Eleven essays by seven authors take the reader on a historical journey that begins with the early public announcements of photography in 1839, and leads to, most recently, the here is new york storefront exhibit in Soho in the wake of the September 11th attacks.  Over the course of time, photographs move from wall panels erected in Victorian exposition halls to tiny galleries, to wires hung across a room.  We read about exhibitions designed to guide visitors along very specific paths.  There are essays about spaces that invite contemplation, whether distanced, as with the spaces created to accommodate installations and large scale art prints; or strongly narrative, as with the documentary projects of Sebastiao Salgado and Gilles Peress; or intimate and interactive, as with here is new york’s democracy of images. 

While some of the essays include floorplans and chronologies of exhibitions, the value of this volume is in the exploration of the many social, political, and personal factors at play that produced and shaped exhibitions.  The reader is rewarded with a history of photography that focuses not on how or why photography changed over time, but on the particular circumstances that shaped the ways in which the desire to present pictures was realized. 
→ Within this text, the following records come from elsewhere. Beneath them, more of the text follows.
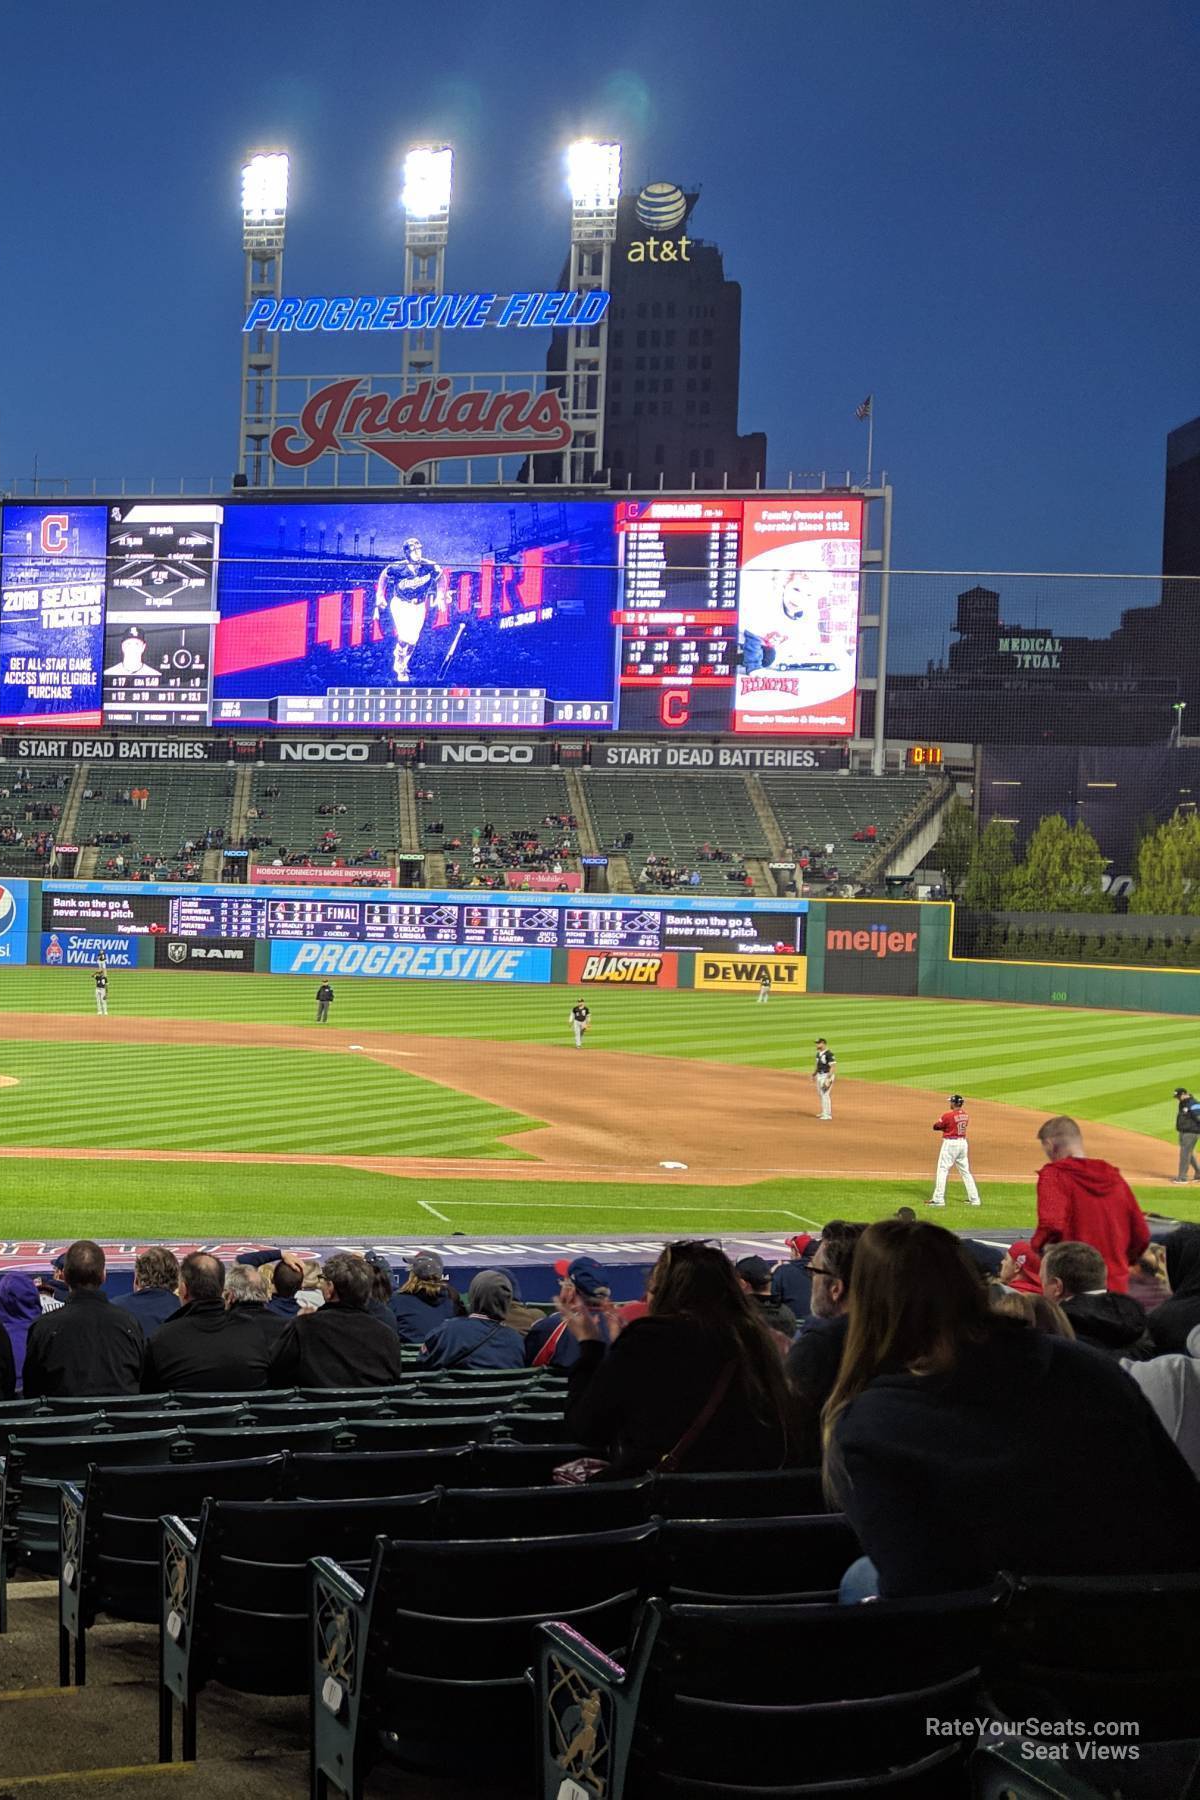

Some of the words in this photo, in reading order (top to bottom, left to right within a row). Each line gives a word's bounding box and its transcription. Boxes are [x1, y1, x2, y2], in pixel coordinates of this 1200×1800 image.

[627, 235, 691, 262] at&t
[242, 293, 498, 333] PROGRESSIVE
[499, 290, 611, 328] FIELD
[269, 377, 573, 473] Indians
[41, 514, 68, 553] C
[41, 584, 101, 608] SEASON
[40, 605, 101, 629] TICKETS
[999, 638, 1063, 652] MEDICAL
[10, 657, 26, 671] GET
[27, 657, 67, 671] ALL-STAR
[69, 657, 92, 671] GAME
[4, 671, 37, 684] ACCESS
[39, 672, 60, 685] WITH
[61, 672, 97, 685] ELIGIBLE
[27, 686, 72, 699] PURCHASE
[741, 677, 799, 696] RUMPKE
[663, 691, 689, 725] C
[18, 740, 68, 757] START
[72, 741, 115, 758] DEAD
[119, 743, 208, 759] BATTERIES.
[280, 743, 370, 761] NOCO
[441, 745, 533, 763] NOCO
[913, 747, 942, 764] 0:11
[607, 747, 661, 764] START
[666, 748, 714, 766] DEAD
[719, 750, 819, 767] BATTERIES.
[582, 857, 608, 865] NOCO
[256, 867, 286, 876] NOBODY
[287, 868, 323, 877] CONNECTS
[324, 869, 344, 877] MORE
[372, 870, 391, 878] FANS
[53, 898, 76, 907] Bank
[91, 899, 107, 908] the
[108, 901, 121, 909] go
[122, 900, 129, 908] &
[80, 909, 100, 917] miss
[111, 909, 134, 919] pitch
[294, 914, 300, 922] 2
[327, 907, 356, 920] FINAL
[403, 916, 409, 924] 2
[616, 922, 622, 930] 2
[666, 915, 693, 925] Bank
[695, 918, 708, 926] on
[710, 916, 726, 926] the
[728, 919, 742, 928] go
[744, 917, 753, 926] &
[118, 925, 150, 933] KeyBank
[696, 927, 720, 936] miss
[731, 928, 757, 938] pitch
[68, 936, 129, 951] SHERWIN
[827, 924, 918, 958] meijer
[191, 948, 244, 959] RAM
[738, 944, 775, 953] KeyBank
[290, 943, 524, 979] PROGRESSIVE
[1050, 991, 1067, 1001] 400
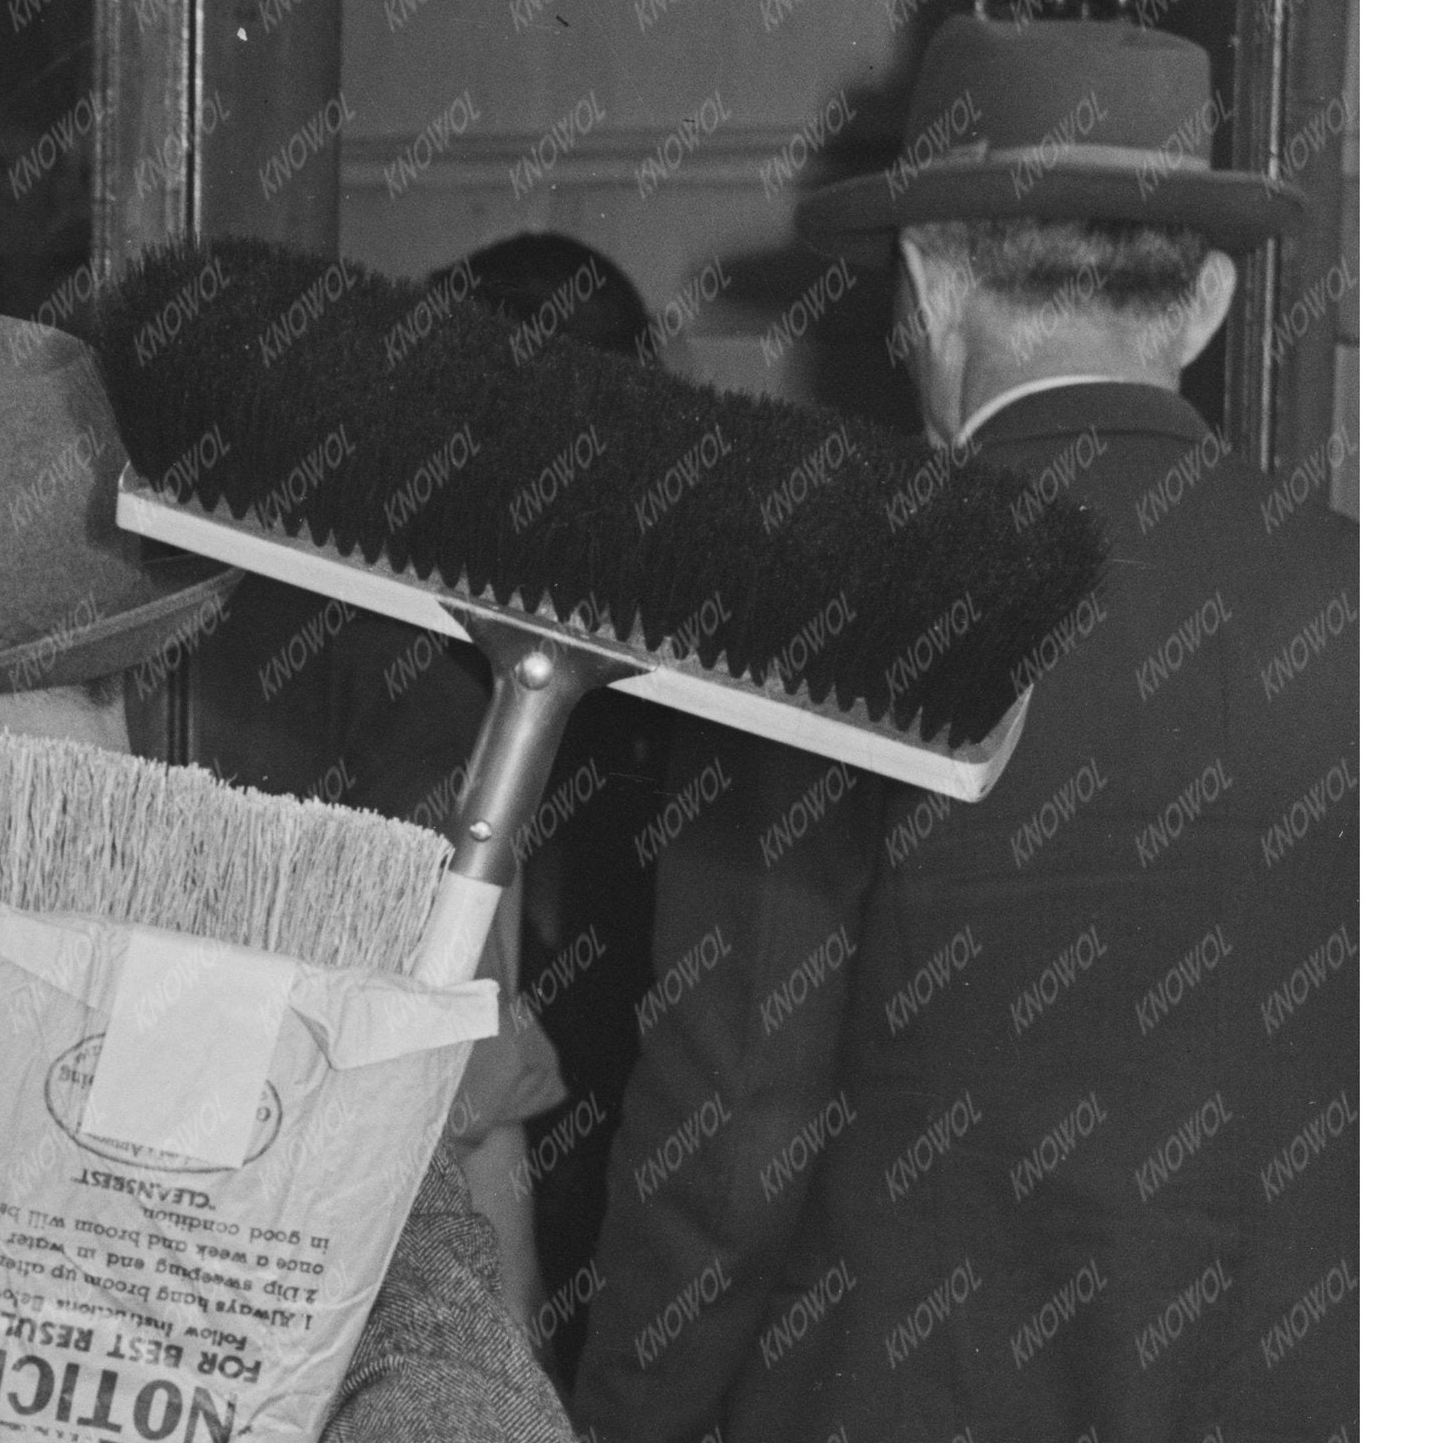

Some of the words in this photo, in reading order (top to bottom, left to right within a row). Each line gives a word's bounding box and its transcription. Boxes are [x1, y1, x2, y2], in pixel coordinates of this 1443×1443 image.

[27, 1209, 65, 1232] will
[74, 1218, 140, 1245] broom
[6, 1230, 66, 1255] water
[147, 1233, 187, 1255] and
[249, 1223, 300, 1248] good
[310, 1236, 330, 1254] in
[76, 1245, 96, 1260] in
[106, 1251, 145, 1272] end
[195, 1243, 247, 1265] week
[256, 1255, 270, 1269] a
[51, 1262, 78, 1286] up
[155, 1259, 253, 1292] sweeping
[276, 1256, 324, 1279] once
[83, 1273, 150, 1302] broom
[156, 1286, 209, 1314] hang
[215, 1297, 296, 1328] Always
[184, 1325, 247, 1351] Follow
[107, 1334, 183, 1368] BEST
[196, 1350, 261, 1384] FOR
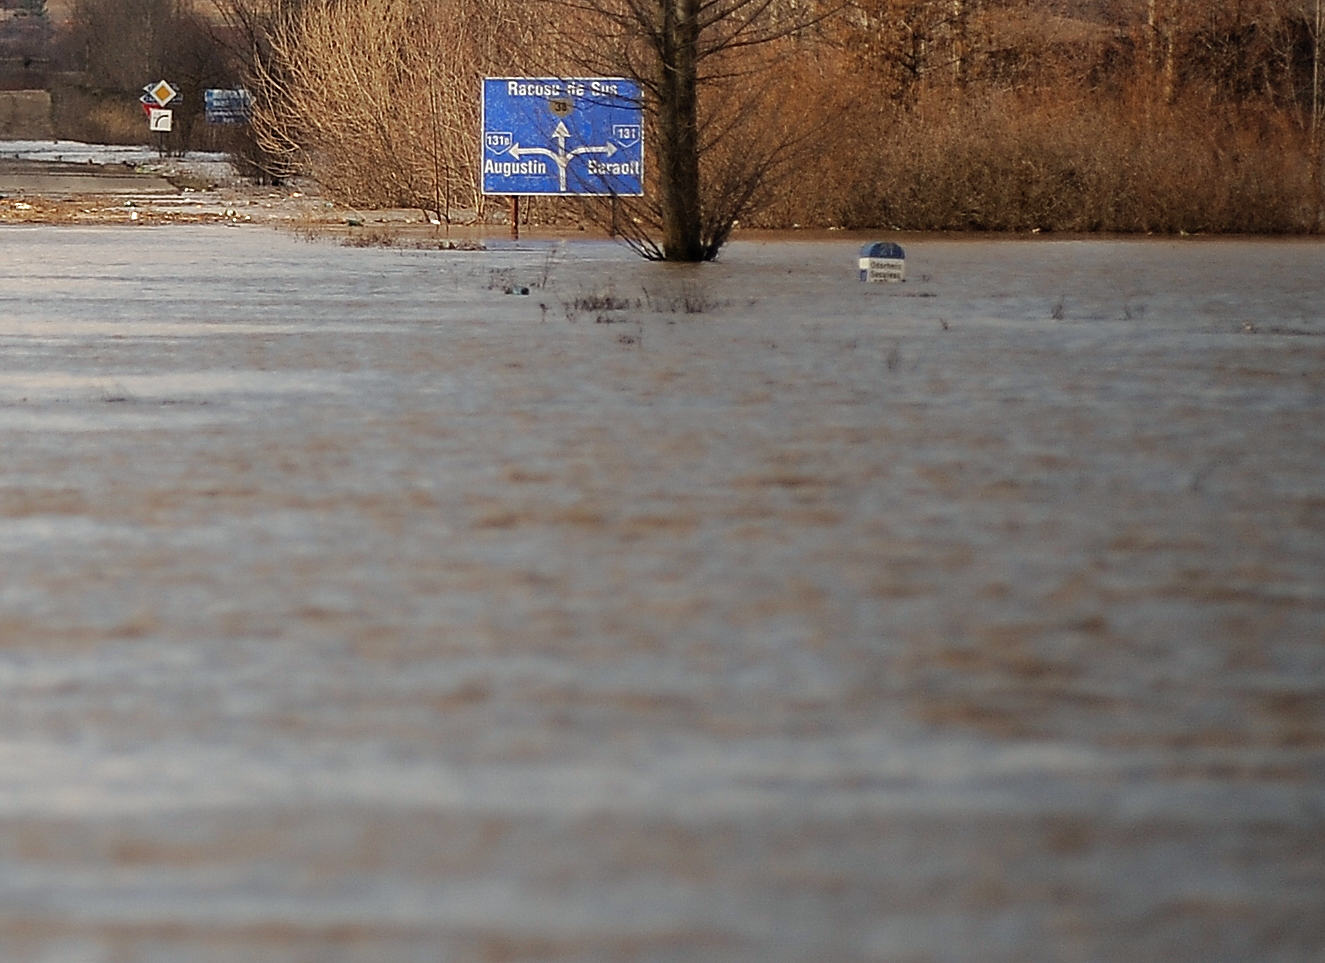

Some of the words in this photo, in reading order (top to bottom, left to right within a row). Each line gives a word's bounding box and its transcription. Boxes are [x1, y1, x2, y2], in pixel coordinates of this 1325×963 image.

[567, 82, 585, 96] de
[591, 81, 618, 96] Sus
[618, 128, 636, 139] 131
[484, 159, 546, 177] Augustin
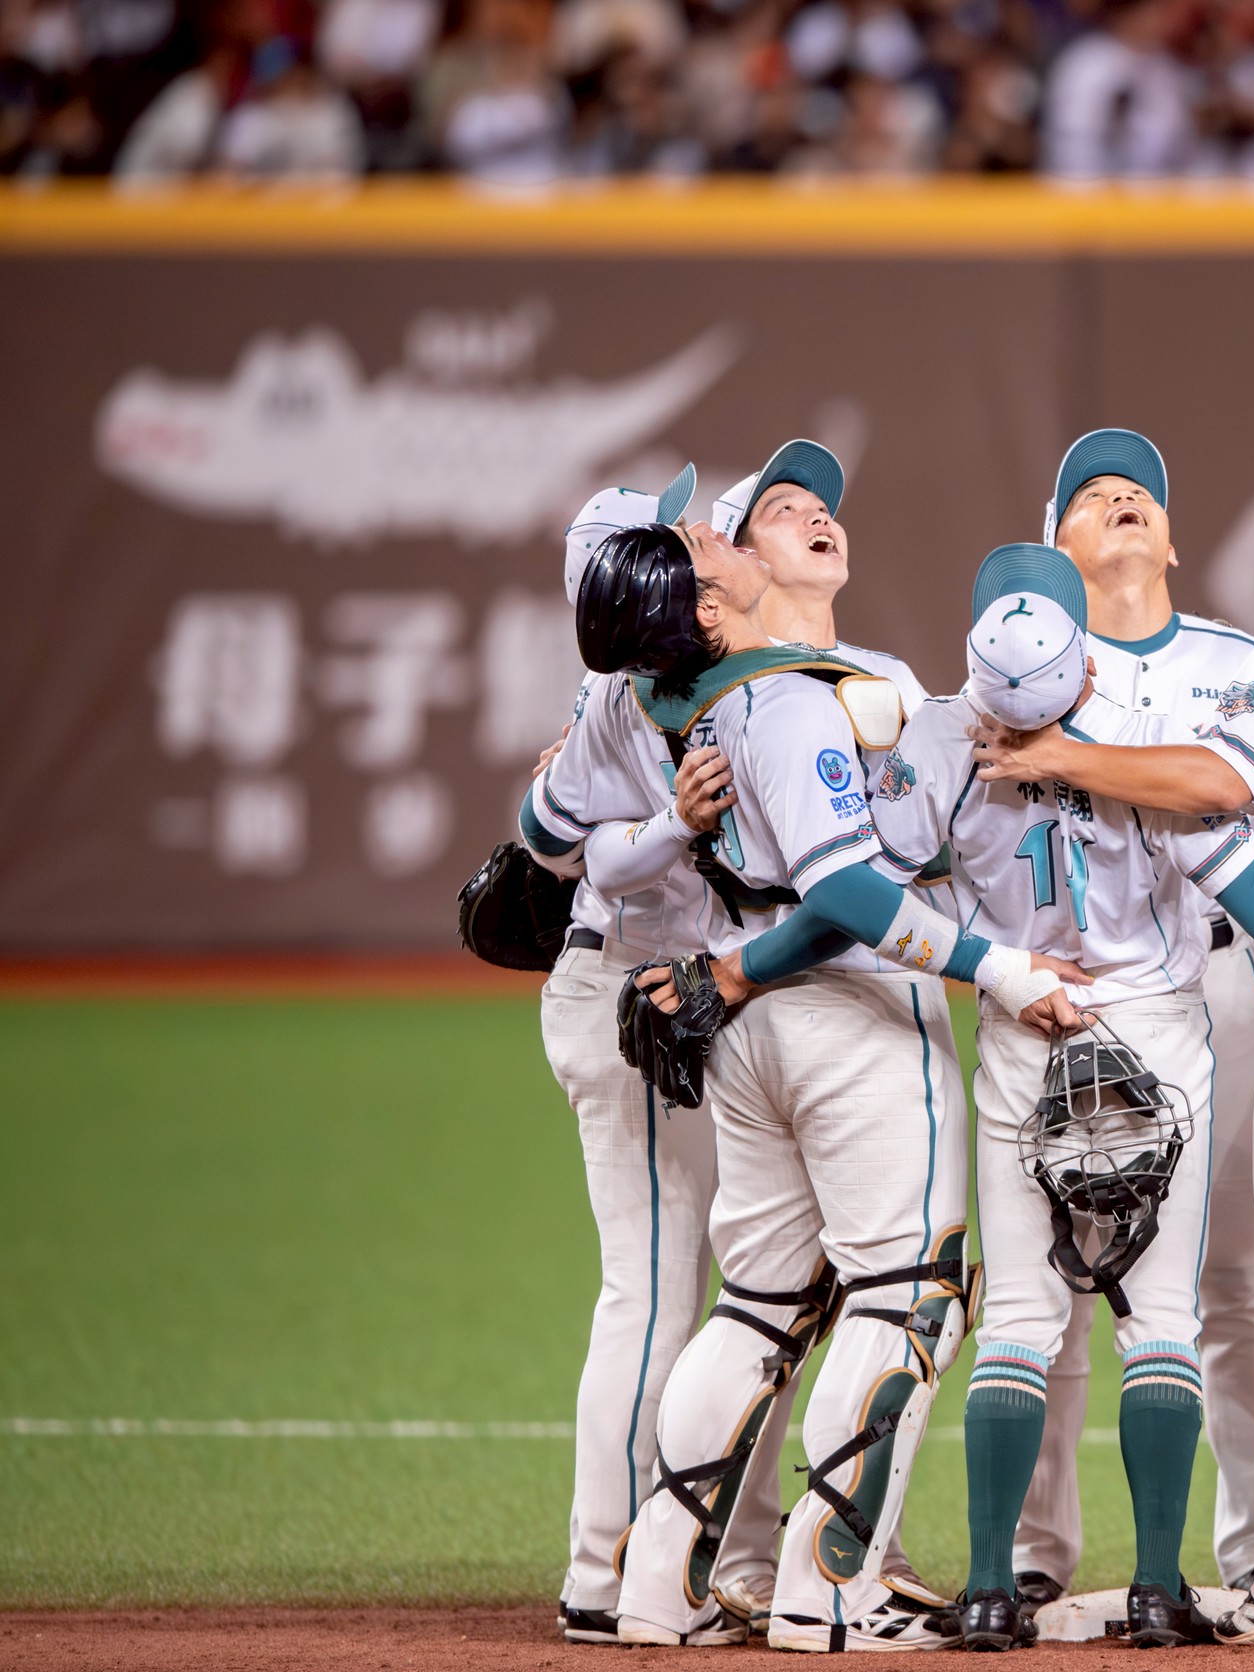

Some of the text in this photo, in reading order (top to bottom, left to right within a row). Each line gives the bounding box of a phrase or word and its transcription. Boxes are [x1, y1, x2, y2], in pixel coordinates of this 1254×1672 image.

[1191, 687, 1222, 699] D-Li
[830, 792, 865, 812] BRETT
[854, 802, 867, 815] BAS
Students of photography’s history will already know of the three-way contest between Daguerre, Fox Talbot and Bayard to claim the invention of photography.  Here the retelling traces each actor’s decisions whether to announce themselves in a way that would allow him to claim the title, and whether to show photographic images while doing so.  The essay, by Paul-Louis Roubert, is among the best in the book, told with the suspenseful tension of a high-stakes poker game.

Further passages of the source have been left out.